With the line containing "Some of the words" as the first line and the last line of the records as the final one, reproduce that range exactly.
▼
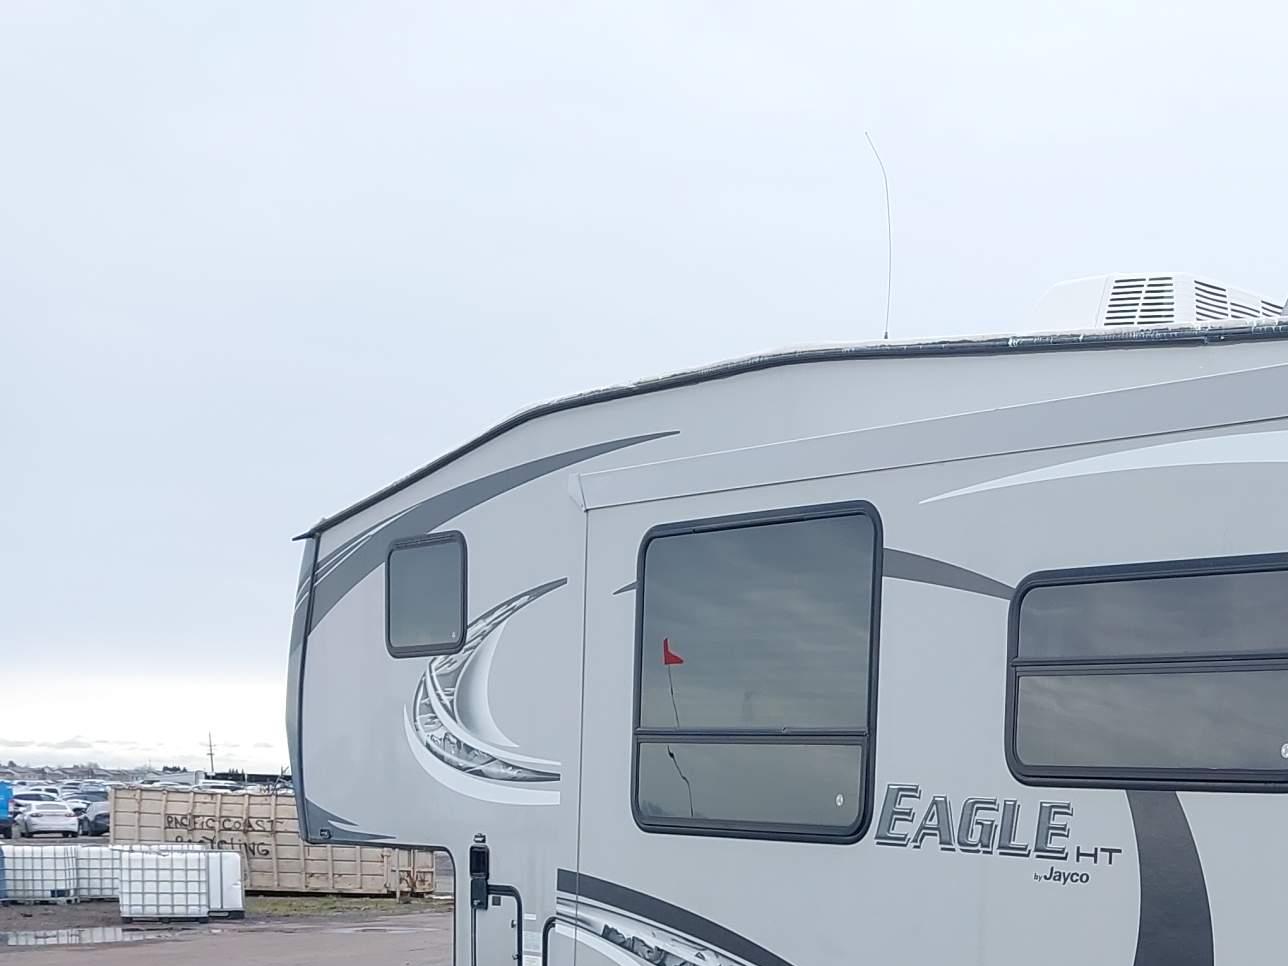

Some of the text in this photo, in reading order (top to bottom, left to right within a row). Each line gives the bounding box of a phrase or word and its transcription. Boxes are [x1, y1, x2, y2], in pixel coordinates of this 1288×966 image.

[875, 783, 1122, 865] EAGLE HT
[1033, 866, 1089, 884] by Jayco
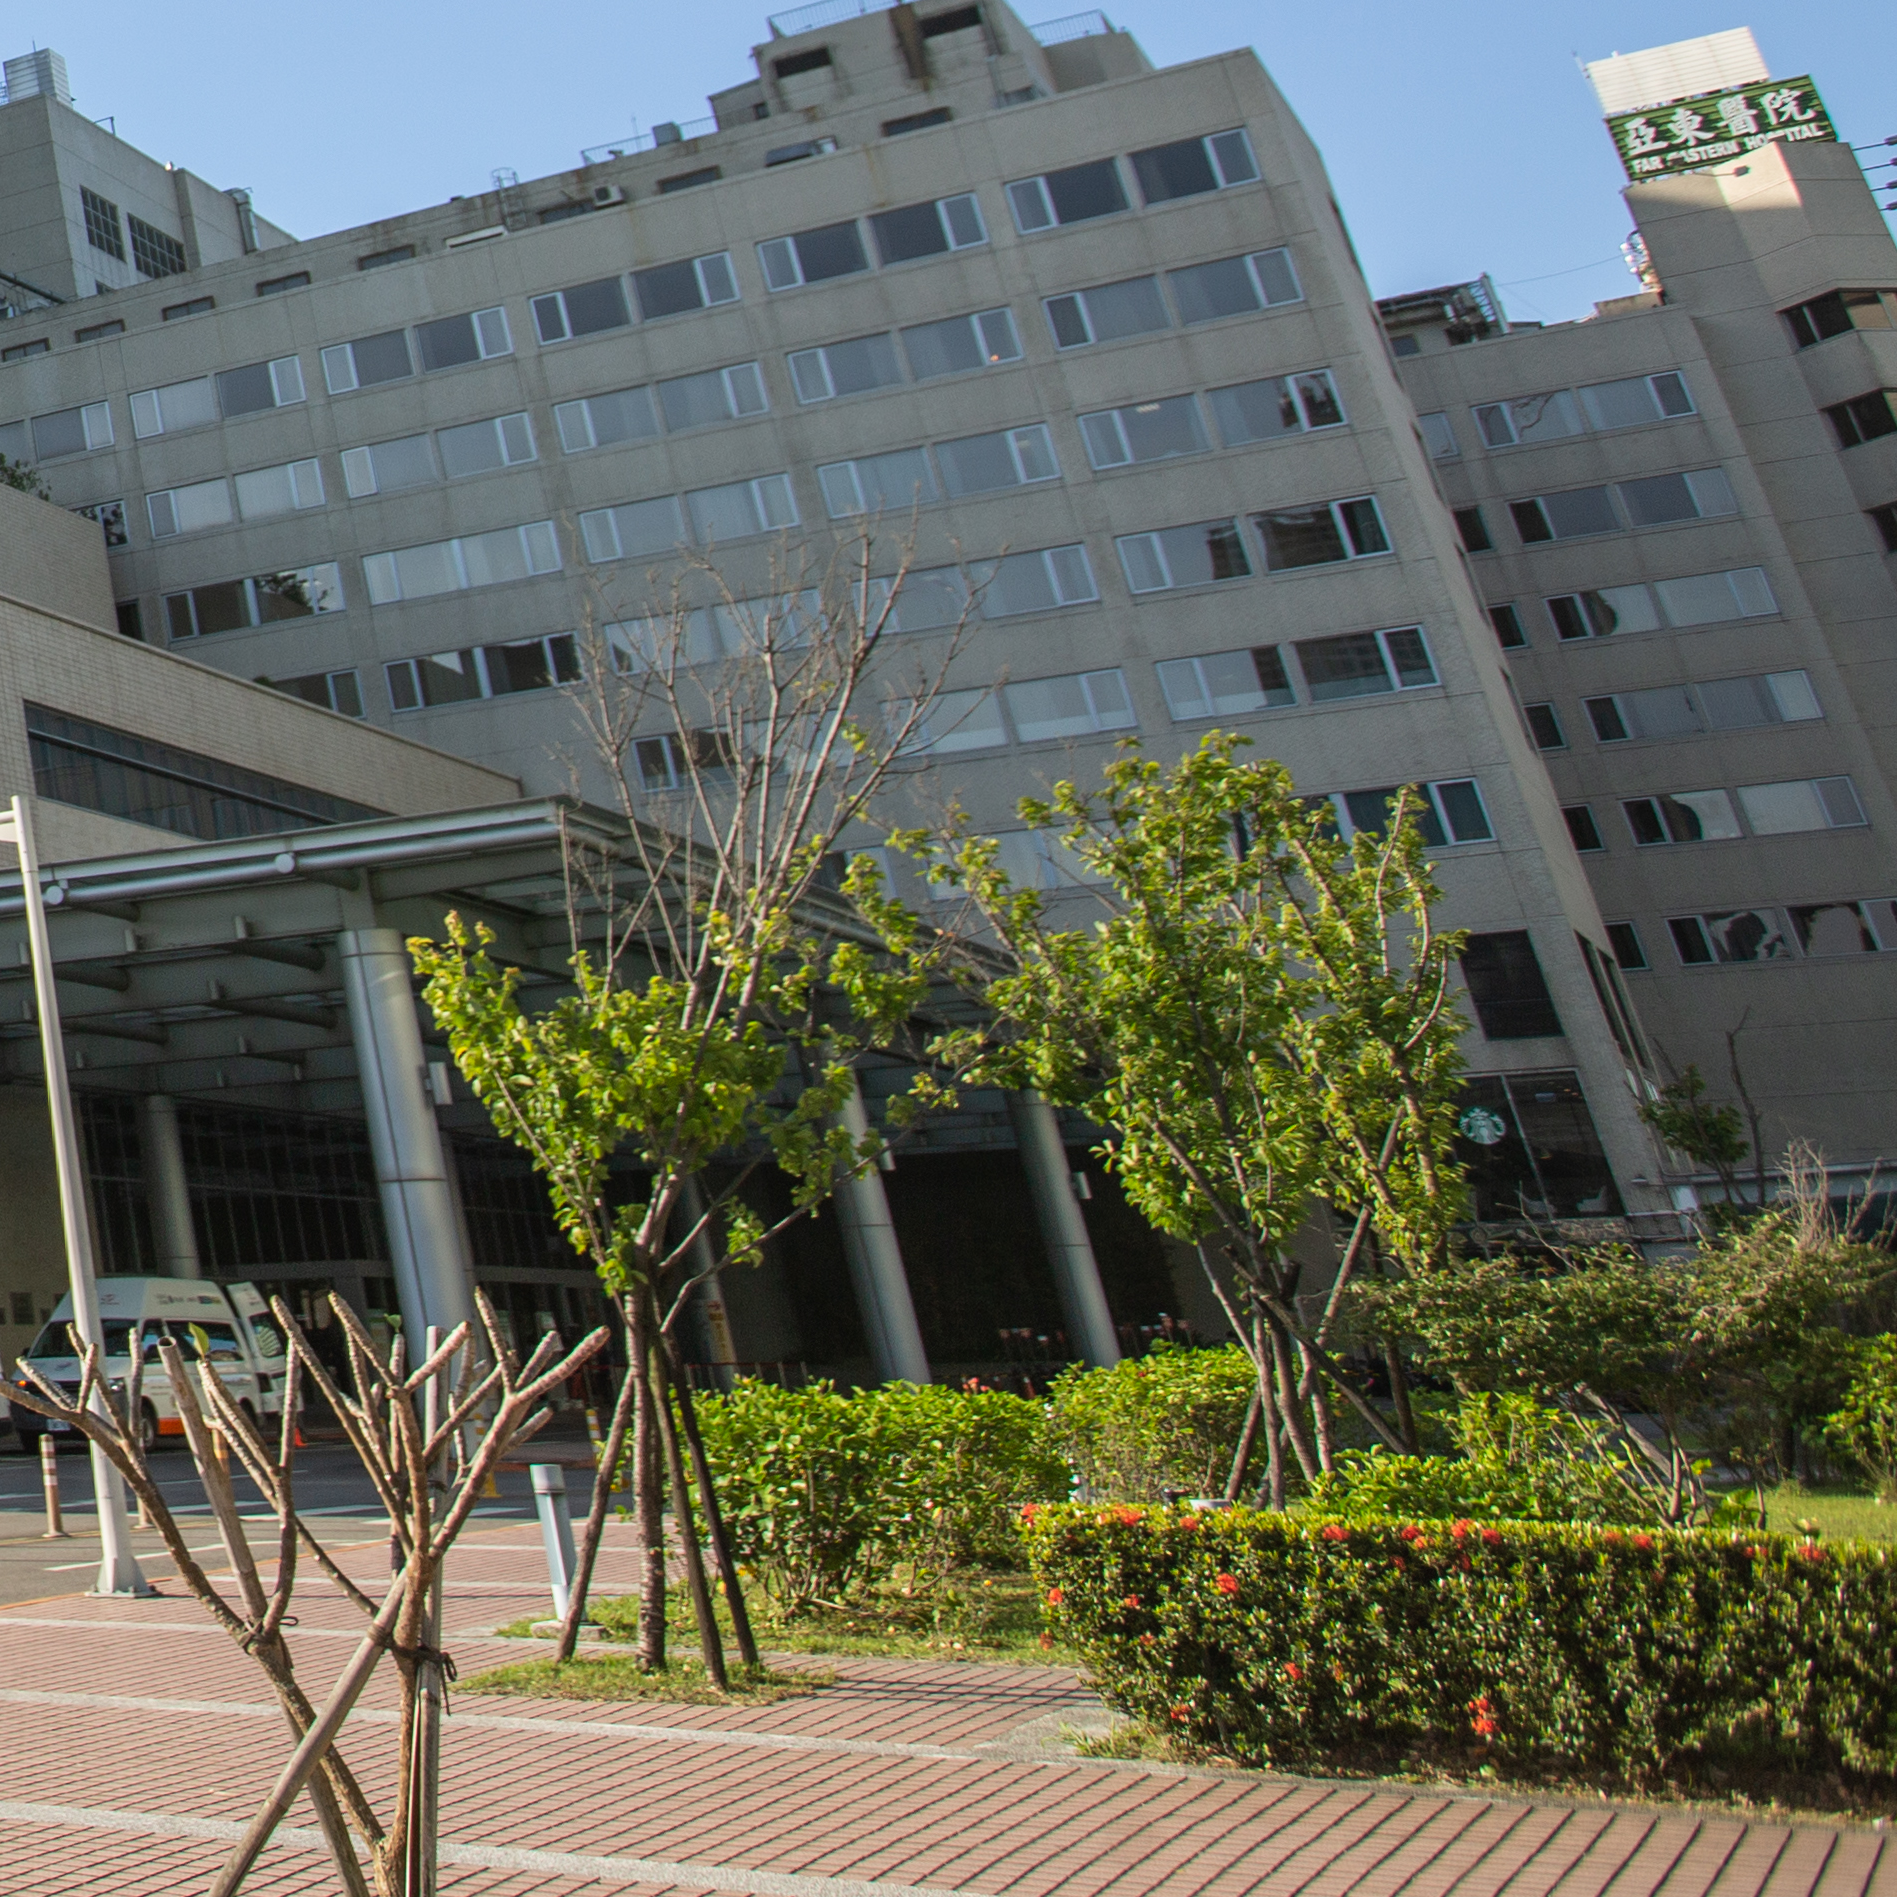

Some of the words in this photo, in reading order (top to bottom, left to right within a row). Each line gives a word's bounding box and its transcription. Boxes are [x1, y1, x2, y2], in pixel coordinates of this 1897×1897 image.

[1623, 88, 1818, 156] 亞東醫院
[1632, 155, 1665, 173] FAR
▲
• [Reply]
Some of the words in this photo, in reading order (top to bottom, left to right within a row). Each line gives a word's bounding box and its transcription. Boxes are [x1, y1, x2, y2], in pixel coordinates of this 1897×1897 image.

[1623, 88, 1818, 156] 亞東醫院
[1632, 155, 1665, 173] FAR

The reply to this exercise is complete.